TASK STATEMENT:
Only the lines from the one containing "Some of the words" through the final line of the entries below are wanted, each copied exactly.

- - - - - - -

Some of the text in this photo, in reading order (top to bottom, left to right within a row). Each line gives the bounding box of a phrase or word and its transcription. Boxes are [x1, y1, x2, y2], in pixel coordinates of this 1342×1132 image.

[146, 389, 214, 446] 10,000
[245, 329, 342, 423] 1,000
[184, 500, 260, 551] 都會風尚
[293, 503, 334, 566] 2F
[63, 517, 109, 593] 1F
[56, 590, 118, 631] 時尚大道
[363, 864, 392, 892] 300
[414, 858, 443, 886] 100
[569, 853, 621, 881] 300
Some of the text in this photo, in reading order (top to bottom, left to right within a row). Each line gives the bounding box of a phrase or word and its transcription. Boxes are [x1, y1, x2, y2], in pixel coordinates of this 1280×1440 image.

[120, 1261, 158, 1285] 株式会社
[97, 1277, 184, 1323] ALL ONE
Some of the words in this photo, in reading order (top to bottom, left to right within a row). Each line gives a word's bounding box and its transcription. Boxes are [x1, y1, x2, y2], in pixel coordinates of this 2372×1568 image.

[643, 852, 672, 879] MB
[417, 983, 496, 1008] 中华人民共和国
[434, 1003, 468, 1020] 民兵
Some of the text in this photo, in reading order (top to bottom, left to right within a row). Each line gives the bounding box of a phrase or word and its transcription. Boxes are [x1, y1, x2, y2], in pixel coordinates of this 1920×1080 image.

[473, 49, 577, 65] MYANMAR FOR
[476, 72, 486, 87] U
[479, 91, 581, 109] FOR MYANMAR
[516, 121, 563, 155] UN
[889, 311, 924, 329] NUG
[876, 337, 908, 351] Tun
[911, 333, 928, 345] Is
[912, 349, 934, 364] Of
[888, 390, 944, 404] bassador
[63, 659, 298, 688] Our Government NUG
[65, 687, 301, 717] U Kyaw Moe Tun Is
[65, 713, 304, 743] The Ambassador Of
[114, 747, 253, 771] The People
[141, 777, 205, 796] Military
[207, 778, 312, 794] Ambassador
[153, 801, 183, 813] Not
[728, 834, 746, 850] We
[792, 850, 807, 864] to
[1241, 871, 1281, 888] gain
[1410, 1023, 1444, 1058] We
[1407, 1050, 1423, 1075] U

- - - - - - -

COMPLETED EXERCISE:
Some of the words in this photo, in reading order (top to bottom, left to right within a row). Each line gives a word's bounding box and its transcription. Boxes are [x1, y1, x2, y2], in pixel coordinates of this 2372×1568 image.

[643, 852, 672, 879] MB
[417, 983, 496, 1008] 中华人民共和国
[434, 1003, 468, 1020] 民兵
Some of the text in this photo, in reading order (top to bottom, left to right within a row). Each line gives the bounding box of a phrase or word and its transcription. Boxes are [x1, y1, x2, y2], in pixel coordinates of this 1920×1080 image.

[473, 49, 577, 65] MYANMAR FOR
[476, 72, 486, 87] U
[479, 91, 581, 109] FOR MYANMAR
[516, 121, 563, 155] UN
[889, 311, 924, 329] NUG
[876, 337, 908, 351] Tun
[911, 333, 928, 345] Is
[912, 349, 934, 364] Of
[888, 390, 944, 404] bassador
[63, 659, 298, 688] Our Government NUG
[65, 687, 301, 717] U Kyaw Moe Tun Is
[65, 713, 304, 743] The Ambassador Of
[114, 747, 253, 771] The People
[141, 777, 205, 796] Military
[207, 778, 312, 794] Ambassador
[153, 801, 183, 813] Not
[728, 834, 746, 850] We
[792, 850, 807, 864] to
[1241, 871, 1281, 888] gain
[1410, 1023, 1444, 1058] We
[1407, 1050, 1423, 1075] U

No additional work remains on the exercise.